DIRECTIONS FOR THIS TASK =
Because only the text is wanted, repeat the records below exactly and omit the pictures.

== THE RECORDS ==

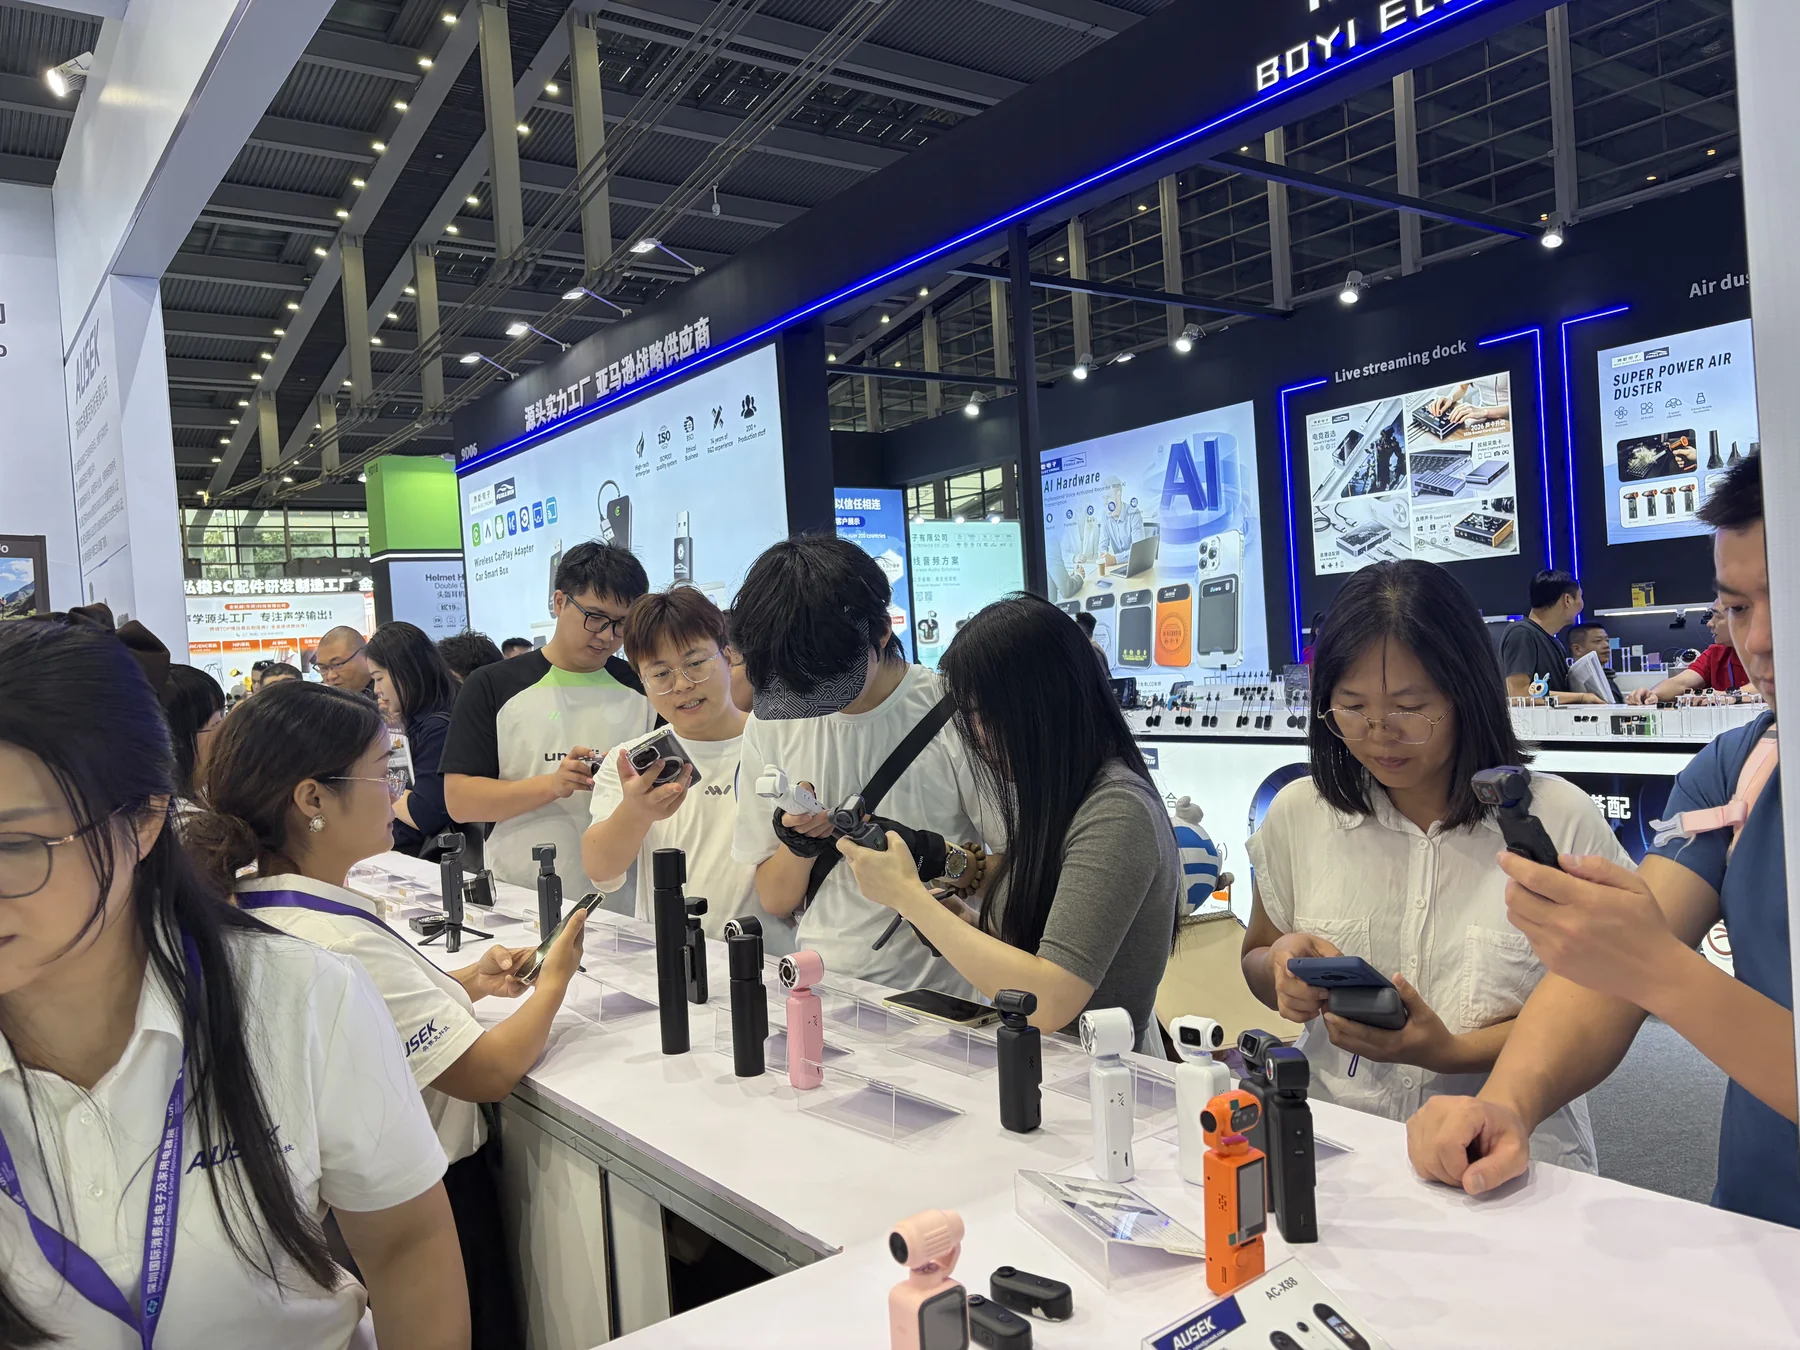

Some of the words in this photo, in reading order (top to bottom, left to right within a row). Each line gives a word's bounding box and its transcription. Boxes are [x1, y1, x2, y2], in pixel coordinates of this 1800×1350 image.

[1256, 18, 1356, 91] BOYI
[1380, 0, 1457, 34] EL
[1689, 278, 1717, 299] Air
[76, 318, 100, 405] AUSEK
[525, 375, 591, 432] 源头实力工厂
[596, 316, 711, 399] 亚马逊战略供应商
[1335, 367, 1361, 384] Live
[1362, 351, 1430, 376] streaming
[1432, 340, 1467, 360] dock
[1613, 368, 1654, 387] SUPER
[1659, 357, 1704, 378] POWER
[1708, 352, 1732, 369] AIR
[1614, 380, 1662, 400] DUSTER
[658, 430, 671, 444] ISO
[461, 443, 478, 462] 9D06
[1044, 479, 1053, 493] AI
[1056, 472, 1100, 490] Hardware
[1159, 436, 1219, 511] AI
[835, 497, 881, 510] 以信任相连
[912, 533, 948, 542] 子有限公司
[474, 555, 494, 568] Wireless
[494, 549, 513, 562] CarPlay
[514, 544, 534, 557] Adapter
[913, 556, 959, 566] 线音频方案
[475, 571, 484, 582] Car
[484, 569, 498, 580] Smart
[499, 566, 509, 577] Box
[146, 1128, 176, 1294] 深圳国际消费类电子及家用电器展
[165, 1195, 173, 1226] Electronics
[162, 1227, 171, 1264] International
[1265, 1276, 1299, 1301] AC-X88
[1172, 1315, 1216, 1350] AUSEK
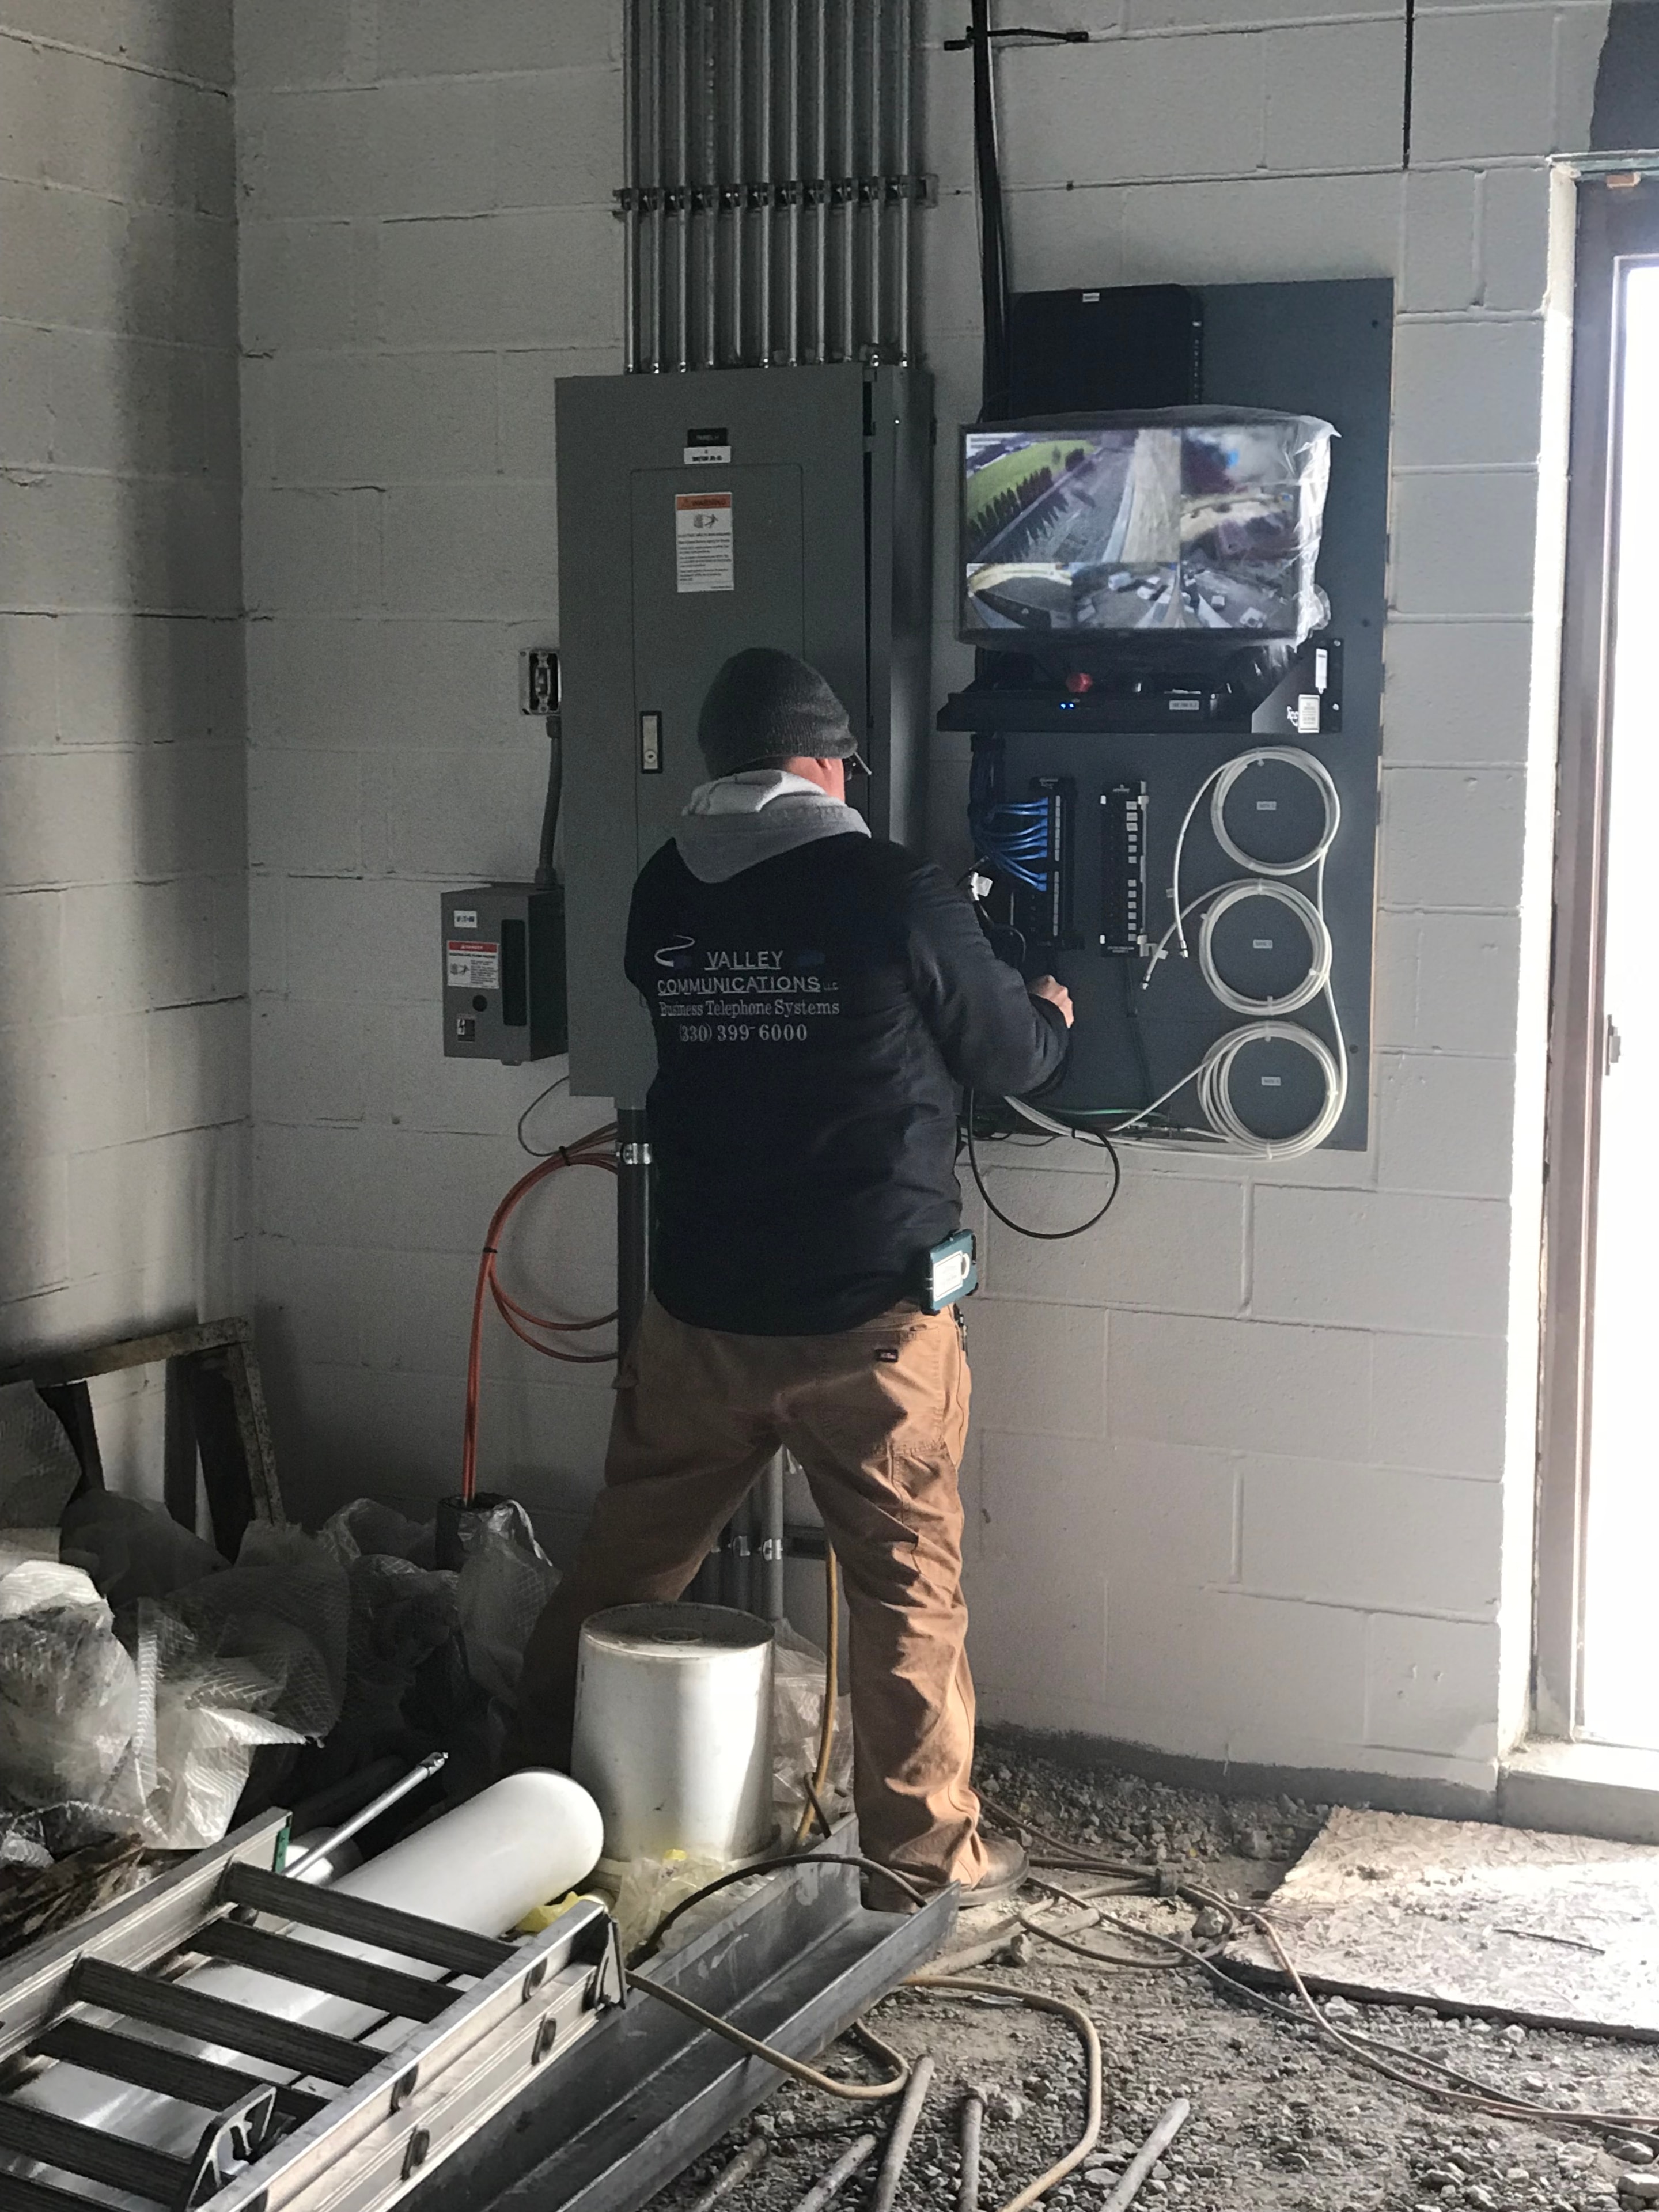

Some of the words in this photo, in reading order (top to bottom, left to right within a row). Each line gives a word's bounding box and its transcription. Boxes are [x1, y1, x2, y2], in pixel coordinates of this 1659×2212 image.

[706, 951, 783, 968] VALLEY
[658, 977, 820, 994] COMMUNICATIONS
[659, 1002, 703, 1016] Business
[705, 1000, 771, 1018] Telephone
[775, 999, 839, 1017] Systems
[679, 1024, 712, 1041] (330)
[717, 1024, 807, 1041] 399-6000

===

EXERCISE RESULT =
Some of the words in this photo, in reading order (top to bottom, left to right within a row). Each line gives a word's bounding box and its transcription. Boxes are [x1, y1, x2, y2], in pixel coordinates of this 1800×1350 image.

[1256, 18, 1356, 91] BOYI
[1380, 0, 1457, 34] EL
[1689, 278, 1717, 299] Air
[76, 318, 100, 405] AUSEK
[525, 375, 591, 432] 源头实力工厂
[596, 316, 711, 399] 亚马逊战略供应商
[1335, 367, 1361, 384] Live
[1362, 351, 1430, 376] streaming
[1432, 340, 1467, 360] dock
[1613, 368, 1654, 387] SUPER
[1659, 357, 1704, 378] POWER
[1708, 352, 1732, 369] AIR
[1614, 380, 1662, 400] DUSTER
[658, 430, 671, 444] ISO
[461, 443, 478, 462] 9D06
[1044, 479, 1053, 493] AI
[1056, 472, 1100, 490] Hardware
[1159, 436, 1219, 511] AI
[835, 497, 881, 510] 以信任相连
[912, 533, 948, 542] 子有限公司
[474, 555, 494, 568] Wireless
[494, 549, 513, 562] CarPlay
[514, 544, 534, 557] Adapter
[913, 556, 959, 566] 线音频方案
[475, 571, 484, 582] Car
[484, 569, 498, 580] Smart
[499, 566, 509, 577] Box
[146, 1128, 176, 1294] 深圳国际消费类电子及家用电器展
[165, 1195, 173, 1226] Electronics
[162, 1227, 171, 1264] International
[1265, 1276, 1299, 1301] AC-X88
[1172, 1315, 1216, 1350] AUSEK

Some of the words in this photo, in reading order (top to bottom, left to right within a row). Each line gives a word's bounding box and its transcription. Boxes are [x1, y1, x2, y2], in pixel coordinates of this 1659×2212 image.

[706, 951, 783, 968] VALLEY
[658, 977, 820, 994] COMMUNICATIONS
[659, 1002, 703, 1016] Business
[705, 1000, 771, 1018] Telephone
[775, 999, 839, 1017] Systems
[679, 1024, 712, 1041] (330)
[717, 1024, 807, 1041] 399-6000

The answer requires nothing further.